Putting data in cold storage with Windows Azure Table
Sometimes the data that’s being kept in SQL Azure relational storage doesn’t really need to be there. A couple of examples of this are blobs and historical records. Lots of folks have discovered the wonders of moving blobs from relational storage to Windows Azure blob storage. Just leave behind a pointer and add a line of code and instantly save relational storage capacity for more valuable pursuits.
It’s a little more complicated with historical records. Lots of transactional systems have a few big tables (such as invoice item). The rest or the tables can be thought of as forming contextual frameworks (customer / product) or provide reference (zip code). Most of the transactional records just sit there doing nothing most of the time. You input them, manage them through to a completed state (paid invoice, for example) then print a few reports. Done. Wouldn’t it be nice if you didn’t have to keep them in (relatively expensive) relational storage for the next few years though you must keep them for regulatory or compliance reasons (for example)?
The idea of expensive storage and cheap storage isn’t new. The main thing I wanted to do with this blog is remind folks of it and give an example of some code that implements one variation. In this example, I imagine that each and every invoice must be represented in the relational store with a tombstone so that it can be retrieved easily. You never know when someone will decide to reach back a couple months or years into the archive.

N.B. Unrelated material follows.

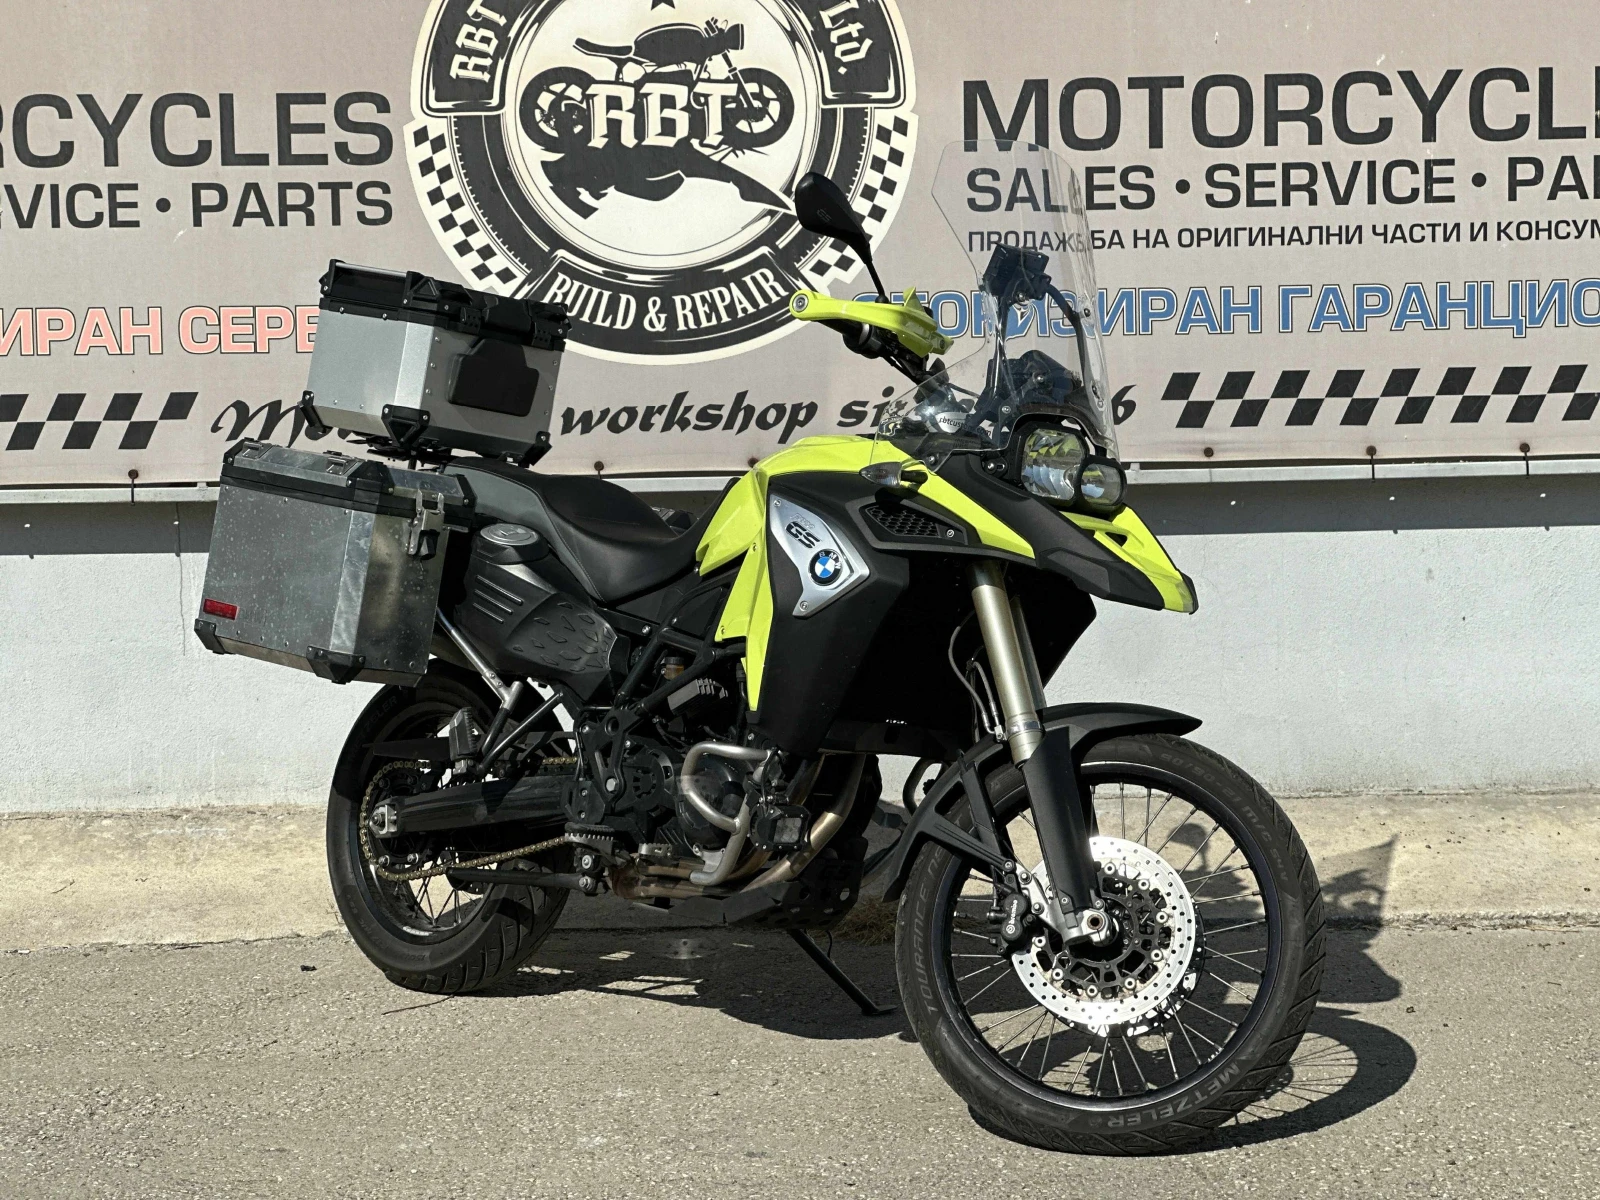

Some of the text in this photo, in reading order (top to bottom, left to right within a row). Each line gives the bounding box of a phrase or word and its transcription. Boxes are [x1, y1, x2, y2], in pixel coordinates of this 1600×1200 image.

A tombstone in this context is just a record that says data exists, but not in the relational table. The tombstone contains enough information to find the original data at need. You could set up tombstones to represent single records or any grouping that you care to imagine and that makes sense. For example, maybe you permit people to reach into the archive to print a report for a single day and so you set up your tombstones to represent a whole day’s transactions.
Ideally, the tombstone record is small relative to the data that you’re archiving. A few bytes to point to a lot of bytes. In my example, the invoice record has a invoice number, customer number and a creation date making up the primary key. The actual invoice record will have columns representing shipment method, payment terms, the amount of the invoice, the amount paid, and so on. For simplicity sake, I created an InvoiceMetadata table that has exactly one record for each Invoice record. The InvoiceMetadata table has the primary keys plus a couple of flags that are used for tracking archived data.
When the management of the invoice is complete (it’s paid), the ReadyToArchiveFlag is set to true. If the ArchivedFlag is set to true, it means that there is a copy of the Invoice record in the archive already.
There are 4 main use cases associated with this example:
- Create new invoice records and manage them through their lifecycle
In the sample code, this is accomplished through the “Reset” button and “Test” button. “Reset” clears the data store and then creates 50 invoices. “Test” sets some of them as “paid” and therefore ReadyToArchiveFlag is also set. Finally, a message is dropped into a queue. The message instructs a worker role to archive any invoices that are ready.
- Archive invoices that have completed their lifecycle
The worker role finds the message and makes a copy of each invoice that is ready. It copies the records to Azure Table storage and deletes them from the SQL Azure table. It also sets the “ArchivedFlag” in InvoiceMetadata.
- Bring back invoices that are needed for research, reporting, etc.
For this use case I have a “Report” button. I imagine that someone wants to print invoices for a certain date. The code behind the “Report” button drops a message into the queue. The worker role picks up the message and as instructed, copies the records from Table storage back to SQL Azure.
- Remove invoices from relational storage that are no longer needed
After the report is printed, any invoice that’s in SQL Azure that has the “ArchivedFlag” set is deleted. There’s already a copy in the archive so nothing else needs to be done.
How can costs and savings be calculated? Both SQL Azure and Azure Table storage are charged by the gigabyte. SQL Azure storage charges are calculated daily. So – if your database has a max capacity of 5gb for the day, you’re charged 5 * $9.99 / (average # days / month). If you can do your retrieval of archived data without expanding your database, then it costs nothing extra to do your “reports” under this scheme. (If you do need to expand your database to hold archived data temporarily, use ALTER DATABASE.) Savings may be calculated as the number of gb that get archived * ($9.99 – .15) and prorated to the number of days in the month.
A few comments about the source code:
I built this starting with a plain cloud project + 1 web role + 1 worker role. I added a data model and used Entity Framework for data access. The deletes were done with embedded SQL so that I didn’t have to read the records into memory that I wanted to delete. Some readers may be familiar with sparse columns in SQL Server. SQL Azure doesn’t support sparse columns at this point, so I elected to split out the InvoiceMetadata.